* [Problem description] Filter task. Return each line of the material that holds the string "AURA".

***** Working data *****

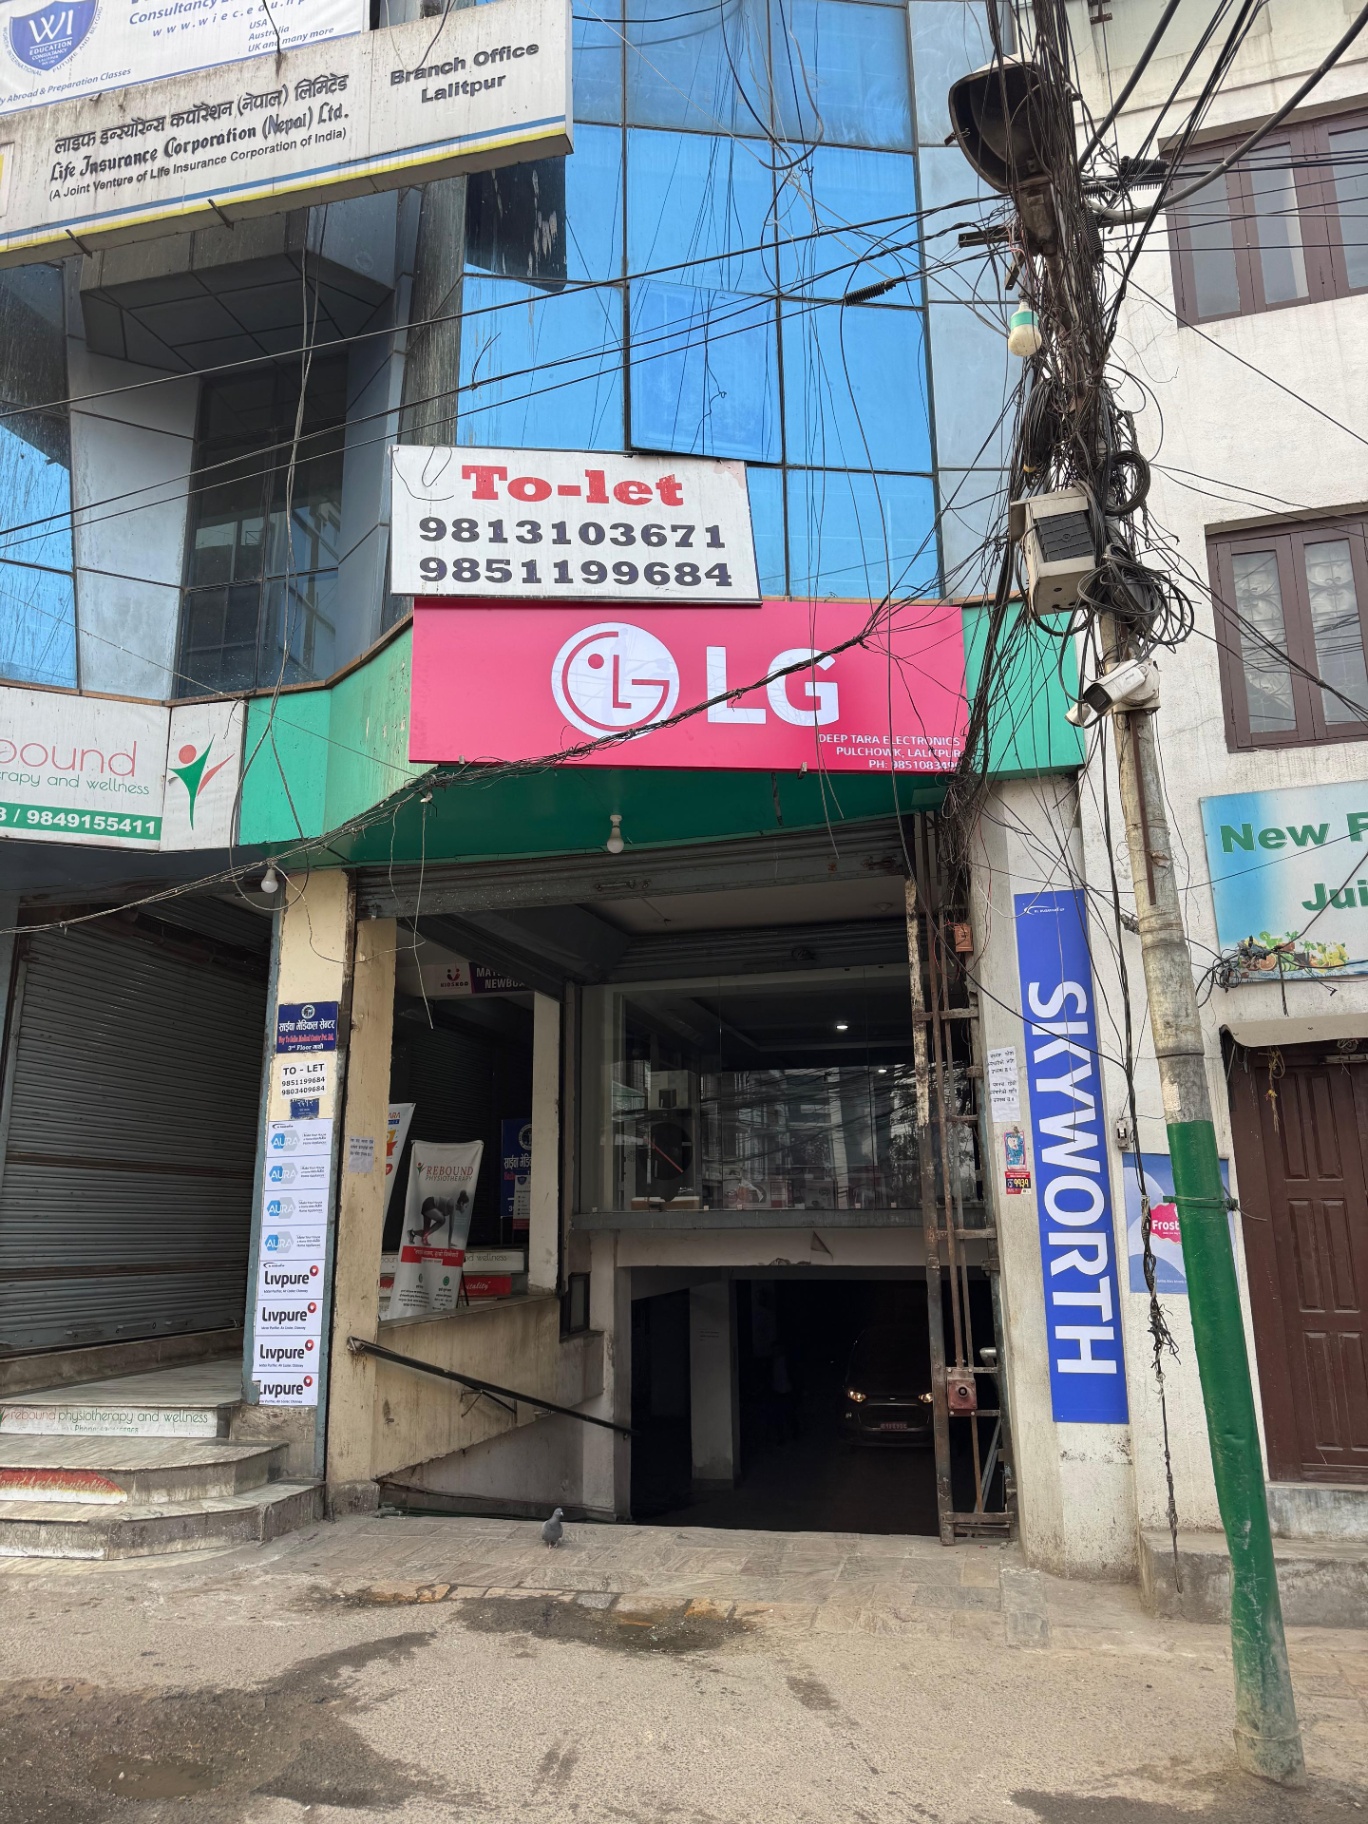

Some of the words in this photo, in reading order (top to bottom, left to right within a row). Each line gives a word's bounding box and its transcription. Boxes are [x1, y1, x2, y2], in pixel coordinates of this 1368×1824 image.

[28, 10, 74, 43] WI
[249, 19, 267, 30] USA
[248, 26, 290, 42] Australia
[248, 43, 261, 52] UK
[282, 33, 308, 46] many
[310, 27, 334, 38] more
[30, 40, 72, 56] EDUCATION
[390, 57, 466, 86] Branch
[473, 44, 539, 66] Office
[6, 89, 38, 104] Abroad
[40, 87, 46, 96] &
[48, 76, 98, 94] Preparation
[100, 68, 132, 81] Classes
[422, 75, 506, 104] Lalitpur
[54, 132, 96, 154] लाइफ
[237, 84, 289, 116] (नेपाल)
[295, 73, 350, 102] लिमिटेड
[50, 161, 76, 182] Life
[80, 149, 158, 176] Insurance
[164, 126, 256, 158] Corporation
[262, 106, 314, 141] (Nepal)
[318, 102, 350, 124] Ltd.
[49, 189, 60, 202] (A
[64, 184, 90, 198] Joint
[93, 176, 134, 192] Venture
[136, 172, 148, 182] of
[150, 166, 170, 180] Life
[173, 156, 227, 174] Insurance
[230, 140, 297, 161] Corporation
[300, 135, 312, 147] of
[314, 127, 346, 144] India)
[461, 464, 684, 507] To-let
[419, 517, 726, 549] 9813103671
[419, 556, 733, 587] 9851199684
[706, 645, 839, 727] LG
[818, 734, 848, 743] DEEP
[851, 734, 880, 744] TARA
[883, 736, 960, 746] ELECTRONICS
[836, 746, 905, 758] PULCHOWK,
[869, 760, 888, 769] PH:
[47, 774, 80, 788] and
[86, 778, 150, 795] wellness
[26, 810, 156, 835] 9849155411
[1220, 823, 1330, 853] New
[283, 1066, 296, 1076] TO
[307, 1064, 324, 1073] LET
[272, 1138, 298, 1146] AURA
[270, 1171, 296, 1179] AURA
[426, 1166, 474, 1175] REBOUND
[1029, 981, 1117, 1374] SKYWORTH
[268, 1204, 294, 1212] AURA
[266, 1239, 292, 1247] AURA
[477, 1254, 507, 1262] wellness
[265, 1271, 309, 1288] Livpure
[262, 1307, 307, 1324] Livpure
[260, 1344, 304, 1362] Livpure
[10, 1409, 56, 1420] rebound
[58, 1409, 134, 1424] physiotherapy
[138, 1410, 159, 1422] and
[163, 1409, 208, 1423] wellness
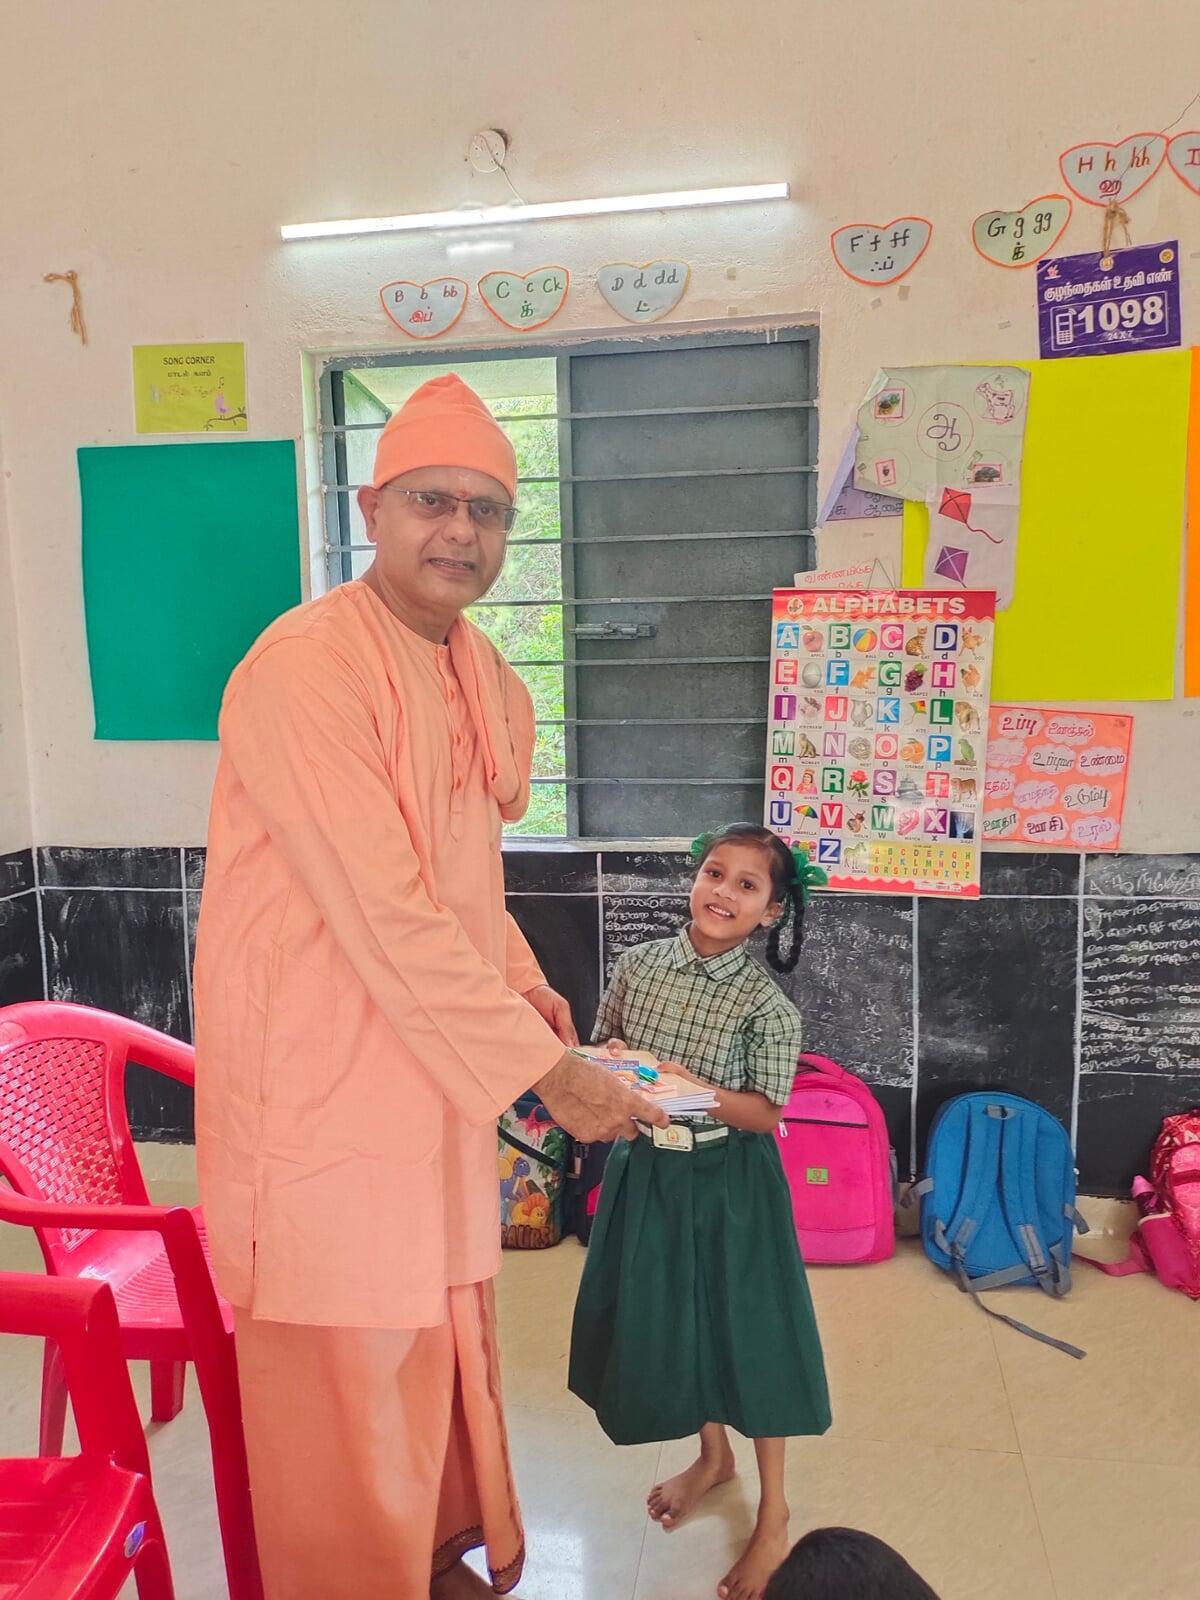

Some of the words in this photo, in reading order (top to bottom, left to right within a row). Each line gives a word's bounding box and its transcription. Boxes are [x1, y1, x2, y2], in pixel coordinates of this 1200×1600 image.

[1078, 157, 1093, 173] H
[1104, 152, 1116, 171] h
[988, 218, 1006, 237] G
[1014, 218, 1024, 238] g
[1033, 213, 1052, 234] gg
[851, 235, 863, 252] F
[870, 235, 880, 251] f
[890, 229, 910, 248] ff
[496, 281, 510, 298] C
[527, 283, 534, 292] c
[612, 277, 623, 291] D
[634, 272, 647, 288] d
[654, 269, 678, 284] dd
[1044, 276, 1112, 301] குழந்தைகள்
[1113, 271, 1144, 291] உதவி
[1147, 268, 1172, 284] எண்
[395, 290, 404, 302] B
[420, 288, 428, 299] b
[444, 286, 457, 297] bb
[1078, 296, 1164, 334] 1098
[163, 357, 183, 365] SONG
[186, 356, 215, 365] CORNER
[926, 414, 961, 452] ஆ
[812, 597, 966, 614] ALPHABETS
[778, 626, 798, 648] A
[831, 626, 849, 647] B
[882, 626, 901, 648] C
[935, 626, 956, 649] D
[835, 650, 842, 658] b
[942, 651, 948, 660] d
[780, 662, 794, 683] E
[830, 662, 846, 683] F
[880, 663, 900, 685] G
[934, 664, 954, 686] H
[886, 688, 893, 696] g
[939, 689, 946, 697] h
[782, 698, 788, 718] I
[829, 698, 843, 720] J
[878, 699, 898, 721] K
[933, 702, 949, 722] L
[783, 721, 786, 729] i
[773, 733, 794, 753] M
[826, 734, 844, 756] N
[877, 735, 896, 758] O
[930, 738, 949, 759] P
[935, 762, 941, 770] p
[774, 768, 791, 790] Q
[825, 770, 842, 791] R
[876, 771, 894, 793] S
[928, 774, 947, 796] T
[772, 803, 791, 824] U
[822, 805, 841, 827] V
[872, 806, 895, 829] W
[926, 809, 946, 832] X
[820, 840, 839, 862] Z

*****

* [Solution to the exercise]
[272, 1138, 298, 1146] AURA
[270, 1171, 296, 1179] AURA
[268, 1204, 294, 1212] AURA
[266, 1239, 292, 1247] AURA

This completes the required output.